Exercise directions |
Would you please write out the records below exactly as they appear?

Input data |

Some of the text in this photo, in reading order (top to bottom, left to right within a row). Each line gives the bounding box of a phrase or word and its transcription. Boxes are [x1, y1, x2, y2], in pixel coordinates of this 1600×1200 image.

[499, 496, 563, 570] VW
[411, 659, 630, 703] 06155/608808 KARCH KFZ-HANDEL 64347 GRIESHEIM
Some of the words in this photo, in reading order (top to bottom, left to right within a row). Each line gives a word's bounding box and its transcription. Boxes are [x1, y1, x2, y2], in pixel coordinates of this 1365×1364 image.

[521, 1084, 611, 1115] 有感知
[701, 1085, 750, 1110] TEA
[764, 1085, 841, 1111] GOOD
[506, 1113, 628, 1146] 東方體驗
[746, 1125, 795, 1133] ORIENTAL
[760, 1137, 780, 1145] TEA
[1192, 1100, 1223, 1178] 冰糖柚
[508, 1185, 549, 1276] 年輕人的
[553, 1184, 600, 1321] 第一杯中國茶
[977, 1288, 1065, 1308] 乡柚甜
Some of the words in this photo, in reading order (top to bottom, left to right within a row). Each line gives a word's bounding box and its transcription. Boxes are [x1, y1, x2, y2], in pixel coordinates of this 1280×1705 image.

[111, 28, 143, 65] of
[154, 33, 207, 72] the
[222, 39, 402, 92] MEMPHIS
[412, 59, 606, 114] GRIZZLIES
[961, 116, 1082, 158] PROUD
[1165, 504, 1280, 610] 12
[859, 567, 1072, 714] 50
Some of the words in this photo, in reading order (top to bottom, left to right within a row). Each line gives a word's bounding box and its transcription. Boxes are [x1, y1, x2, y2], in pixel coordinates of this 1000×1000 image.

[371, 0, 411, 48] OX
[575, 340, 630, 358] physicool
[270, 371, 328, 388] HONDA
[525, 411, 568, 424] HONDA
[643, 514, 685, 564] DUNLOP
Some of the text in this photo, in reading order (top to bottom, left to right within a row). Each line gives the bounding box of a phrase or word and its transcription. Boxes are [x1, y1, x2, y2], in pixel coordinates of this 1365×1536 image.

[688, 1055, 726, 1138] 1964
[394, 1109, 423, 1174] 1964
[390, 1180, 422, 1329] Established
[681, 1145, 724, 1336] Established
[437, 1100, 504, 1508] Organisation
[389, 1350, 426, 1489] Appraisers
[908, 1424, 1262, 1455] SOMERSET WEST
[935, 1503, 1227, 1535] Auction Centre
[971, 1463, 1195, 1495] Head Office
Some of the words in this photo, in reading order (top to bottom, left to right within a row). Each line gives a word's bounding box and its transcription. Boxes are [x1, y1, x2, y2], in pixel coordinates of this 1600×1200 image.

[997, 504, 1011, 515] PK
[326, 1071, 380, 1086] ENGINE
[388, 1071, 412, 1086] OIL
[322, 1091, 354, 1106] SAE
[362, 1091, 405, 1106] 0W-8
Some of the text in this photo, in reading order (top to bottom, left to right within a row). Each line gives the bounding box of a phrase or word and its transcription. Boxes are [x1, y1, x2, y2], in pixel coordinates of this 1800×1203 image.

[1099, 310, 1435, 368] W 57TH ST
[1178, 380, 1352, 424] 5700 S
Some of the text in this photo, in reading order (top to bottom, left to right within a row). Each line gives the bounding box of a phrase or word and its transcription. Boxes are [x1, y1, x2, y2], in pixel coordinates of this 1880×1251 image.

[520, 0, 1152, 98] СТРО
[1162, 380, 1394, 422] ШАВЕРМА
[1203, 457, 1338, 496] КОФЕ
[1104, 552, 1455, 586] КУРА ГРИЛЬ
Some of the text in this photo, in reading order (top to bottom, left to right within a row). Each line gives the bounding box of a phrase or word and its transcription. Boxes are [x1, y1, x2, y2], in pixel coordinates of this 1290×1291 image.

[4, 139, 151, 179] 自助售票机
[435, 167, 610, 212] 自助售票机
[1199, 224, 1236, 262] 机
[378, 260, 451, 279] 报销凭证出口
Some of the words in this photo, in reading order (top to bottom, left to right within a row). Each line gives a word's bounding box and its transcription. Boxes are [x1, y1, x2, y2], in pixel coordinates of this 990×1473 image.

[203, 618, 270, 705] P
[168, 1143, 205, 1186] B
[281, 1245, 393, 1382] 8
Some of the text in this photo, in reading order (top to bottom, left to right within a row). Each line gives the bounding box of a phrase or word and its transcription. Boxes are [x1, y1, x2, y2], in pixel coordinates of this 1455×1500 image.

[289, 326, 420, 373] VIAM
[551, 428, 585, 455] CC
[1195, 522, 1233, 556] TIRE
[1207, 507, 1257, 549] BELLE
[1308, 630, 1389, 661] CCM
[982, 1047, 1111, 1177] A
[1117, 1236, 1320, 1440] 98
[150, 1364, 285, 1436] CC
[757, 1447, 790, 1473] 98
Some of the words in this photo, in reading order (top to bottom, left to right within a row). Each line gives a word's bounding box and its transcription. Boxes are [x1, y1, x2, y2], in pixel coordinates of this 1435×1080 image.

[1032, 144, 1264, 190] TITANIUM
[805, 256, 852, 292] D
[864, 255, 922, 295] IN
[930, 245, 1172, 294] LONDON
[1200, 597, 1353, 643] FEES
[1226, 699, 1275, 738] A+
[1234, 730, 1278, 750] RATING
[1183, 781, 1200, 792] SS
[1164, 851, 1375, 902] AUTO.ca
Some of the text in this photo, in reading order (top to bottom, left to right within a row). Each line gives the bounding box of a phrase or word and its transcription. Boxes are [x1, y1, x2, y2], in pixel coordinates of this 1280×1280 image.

Task result |
Some of the text in this photo, in reading order (top to bottom, left to right within a row). Each line gives the bounding box of a phrase or word and its transcription. Boxes are [x1, y1, x2, y2], in pixel coordinates of this 1600×1200 image.

[499, 496, 563, 570] VW
[411, 659, 630, 703] 06155/608808 KARCH KFZ-HANDEL 64347 GRIESHEIM
Some of the words in this photo, in reading order (top to bottom, left to right within a row). Each line gives a word's bounding box and its transcription. Boxes are [x1, y1, x2, y2], in pixel coordinates of this 1365×1364 image.

[521, 1084, 611, 1115] 有感知
[701, 1085, 750, 1110] TEA
[764, 1085, 841, 1111] GOOD
[506, 1113, 628, 1146] 東方體驗
[746, 1125, 795, 1133] ORIENTAL
[760, 1137, 780, 1145] TEA
[1192, 1100, 1223, 1178] 冰糖柚
[508, 1185, 549, 1276] 年輕人的
[553, 1184, 600, 1321] 第一杯中國茶
[977, 1288, 1065, 1308] 乡柚甜
Some of the words in this photo, in reading order (top to bottom, left to right within a row). Each line gives a word's bounding box and its transcription. Boxes are [x1, y1, x2, y2], in pixel coordinates of this 1280×1705 image.

[111, 28, 143, 65] of
[154, 33, 207, 72] the
[222, 39, 402, 92] MEMPHIS
[412, 59, 606, 114] GRIZZLIES
[961, 116, 1082, 158] PROUD
[1165, 504, 1280, 610] 12
[859, 567, 1072, 714] 50
Some of the words in this photo, in reading order (top to bottom, left to right within a row). Each line gives a word's bounding box and its transcription. Boxes are [x1, y1, x2, y2], in pixel coordinates of this 1000×1000 image.

[371, 0, 411, 48] OX
[575, 340, 630, 358] physicool
[270, 371, 328, 388] HONDA
[525, 411, 568, 424] HONDA
[643, 514, 685, 564] DUNLOP
Some of the text in this photo, in reading order (top to bottom, left to right within a row). Each line gives the bounding box of a phrase or word and its transcription. Boxes are [x1, y1, x2, y2], in pixel coordinates of this 1365×1536 image.

[688, 1055, 726, 1138] 1964
[394, 1109, 423, 1174] 1964
[390, 1180, 422, 1329] Established
[681, 1145, 724, 1336] Established
[437, 1100, 504, 1508] Organisation
[389, 1350, 426, 1489] Appraisers
[908, 1424, 1262, 1455] SOMERSET WEST
[935, 1503, 1227, 1535] Auction Centre
[971, 1463, 1195, 1495] Head Office
Some of the words in this photo, in reading order (top to bottom, left to right within a row). Each line gives a word's bounding box and its transcription. Boxes are [x1, y1, x2, y2], in pixel coordinates of this 1600×1200 image.

[997, 504, 1011, 515] PK
[326, 1071, 380, 1086] ENGINE
[388, 1071, 412, 1086] OIL
[322, 1091, 354, 1106] SAE
[362, 1091, 405, 1106] 0W-8
Some of the text in this photo, in reading order (top to bottom, left to right within a row). Each line gives the bounding box of a phrase or word and its transcription. Boxes are [x1, y1, x2, y2], in pixel coordinates of this 1800×1203 image.

[1099, 310, 1435, 368] W 57TH ST
[1178, 380, 1352, 424] 5700 S
Some of the text in this photo, in reading order (top to bottom, left to right within a row). Each line gives the bounding box of a phrase or word and its transcription. Boxes are [x1, y1, x2, y2], in pixel coordinates of this 1880×1251 image.

[520, 0, 1152, 98] СТРО
[1162, 380, 1394, 422] ШАВЕРМА
[1203, 457, 1338, 496] КОФЕ
[1104, 552, 1455, 586] КУРА ГРИЛЬ
Some of the text in this photo, in reading order (top to bottom, left to right within a row). Each line gives the bounding box of a phrase or word and its transcription. Boxes are [x1, y1, x2, y2], in pixel coordinates of this 1290×1291 image.

[4, 139, 151, 179] 自助售票机
[435, 167, 610, 212] 自助售票机
[1199, 224, 1236, 262] 机
[378, 260, 451, 279] 报销凭证出口
Some of the words in this photo, in reading order (top to bottom, left to right within a row). Each line gives a word's bounding box and its transcription. Boxes are [x1, y1, x2, y2], in pixel coordinates of this 990×1473 image.

[203, 618, 270, 705] P
[168, 1143, 205, 1186] B
[281, 1245, 393, 1382] 8
Some of the text in this photo, in reading order (top to bottom, left to right within a row). Each line gives the bounding box of a phrase or word and its transcription. Boxes are [x1, y1, x2, y2], in pixel coordinates of this 1455×1500 image.

[289, 326, 420, 373] VIAM
[551, 428, 585, 455] CC
[1195, 522, 1233, 556] TIRE
[1207, 507, 1257, 549] BELLE
[1308, 630, 1389, 661] CCM
[982, 1047, 1111, 1177] A
[1117, 1236, 1320, 1440] 98
[150, 1364, 285, 1436] CC
[757, 1447, 790, 1473] 98
Some of the words in this photo, in reading order (top to bottom, left to right within a row). Each line gives a word's bounding box and its transcription. Boxes are [x1, y1, x2, y2], in pixel coordinates of this 1435×1080 image.

[1032, 144, 1264, 190] TITANIUM
[805, 256, 852, 292] D
[864, 255, 922, 295] IN
[930, 245, 1172, 294] LONDON
[1200, 597, 1353, 643] FEES
[1226, 699, 1275, 738] A+
[1234, 730, 1278, 750] RATING
[1183, 781, 1200, 792] SS
[1164, 851, 1375, 902] AUTO.ca
Some of the text in this photo, in reading order (top to bottom, left to right within a row). Each line gives the bounding box of a phrase or word and its transcription. Boxes are [x1, y1, x2, y2], in pixel coordinates of this 1280×1280 image.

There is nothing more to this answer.